━━━ Exercise input ━━━
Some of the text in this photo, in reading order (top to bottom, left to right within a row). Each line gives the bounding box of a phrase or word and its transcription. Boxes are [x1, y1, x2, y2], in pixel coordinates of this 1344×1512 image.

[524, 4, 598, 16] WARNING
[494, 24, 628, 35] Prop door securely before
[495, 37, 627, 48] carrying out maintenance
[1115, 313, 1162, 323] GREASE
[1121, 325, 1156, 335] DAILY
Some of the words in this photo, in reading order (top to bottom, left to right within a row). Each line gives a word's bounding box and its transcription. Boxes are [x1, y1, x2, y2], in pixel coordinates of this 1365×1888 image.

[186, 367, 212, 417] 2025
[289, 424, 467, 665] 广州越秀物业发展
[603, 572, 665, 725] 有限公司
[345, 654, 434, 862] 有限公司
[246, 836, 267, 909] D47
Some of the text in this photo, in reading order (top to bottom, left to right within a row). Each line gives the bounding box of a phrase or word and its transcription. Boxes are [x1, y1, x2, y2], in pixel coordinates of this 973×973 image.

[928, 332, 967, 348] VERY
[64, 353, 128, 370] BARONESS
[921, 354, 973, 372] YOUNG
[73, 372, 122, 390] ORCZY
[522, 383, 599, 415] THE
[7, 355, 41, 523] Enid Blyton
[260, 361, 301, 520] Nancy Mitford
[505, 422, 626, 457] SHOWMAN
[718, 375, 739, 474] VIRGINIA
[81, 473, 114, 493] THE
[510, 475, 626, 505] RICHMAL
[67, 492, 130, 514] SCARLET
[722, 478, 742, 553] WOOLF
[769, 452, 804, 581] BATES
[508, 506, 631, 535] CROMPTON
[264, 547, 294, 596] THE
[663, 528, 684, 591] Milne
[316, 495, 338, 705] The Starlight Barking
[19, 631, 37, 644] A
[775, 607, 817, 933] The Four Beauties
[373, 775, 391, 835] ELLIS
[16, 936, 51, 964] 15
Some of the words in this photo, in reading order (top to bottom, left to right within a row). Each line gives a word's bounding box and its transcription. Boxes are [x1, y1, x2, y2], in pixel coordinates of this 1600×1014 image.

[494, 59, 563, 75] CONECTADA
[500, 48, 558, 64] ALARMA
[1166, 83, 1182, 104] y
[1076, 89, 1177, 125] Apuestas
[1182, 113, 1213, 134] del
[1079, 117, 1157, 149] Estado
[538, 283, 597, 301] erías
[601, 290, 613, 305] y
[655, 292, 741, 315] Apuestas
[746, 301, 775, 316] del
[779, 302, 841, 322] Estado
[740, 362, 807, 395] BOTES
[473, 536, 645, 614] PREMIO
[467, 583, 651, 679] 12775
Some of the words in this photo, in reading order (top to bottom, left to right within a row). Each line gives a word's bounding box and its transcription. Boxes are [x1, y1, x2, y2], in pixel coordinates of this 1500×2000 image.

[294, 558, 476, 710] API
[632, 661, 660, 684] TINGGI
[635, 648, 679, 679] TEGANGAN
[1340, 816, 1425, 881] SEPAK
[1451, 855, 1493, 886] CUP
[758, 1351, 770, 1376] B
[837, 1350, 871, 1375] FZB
━━━
Repeat the data above starting at the line with "this 1600×1014 image." and ending at its last line, exactly, with no other lines.

### Problem solution
Some of the words in this photo, in reading order (top to bottom, left to right within a row). Each line gives a word's bounding box and its transcription. Boxes are [x1, y1, x2, y2], in pixel coordinates of this 1600×1014 image.

[494, 59, 563, 75] CONECTADA
[500, 48, 558, 64] ALARMA
[1166, 83, 1182, 104] y
[1076, 89, 1177, 125] Apuestas
[1182, 113, 1213, 134] del
[1079, 117, 1157, 149] Estado
[538, 283, 597, 301] erías
[601, 290, 613, 305] y
[655, 292, 741, 315] Apuestas
[746, 301, 775, 316] del
[779, 302, 841, 322] Estado
[740, 362, 807, 395] BOTES
[473, 536, 645, 614] PREMIO
[467, 583, 651, 679] 12775
Some of the words in this photo, in reading order (top to bottom, left to right within a row). Each line gives a word's bounding box and its transcription. Boxes are [x1, y1, x2, y2], in pixel coordinates of this 1500×2000 image.

[294, 558, 476, 710] API
[632, 661, 660, 684] TINGGI
[635, 648, 679, 679] TEGANGAN
[1340, 816, 1425, 881] SEPAK
[1451, 855, 1493, 886] CUP
[758, 1351, 770, 1376] B
[837, 1350, 871, 1375] FZB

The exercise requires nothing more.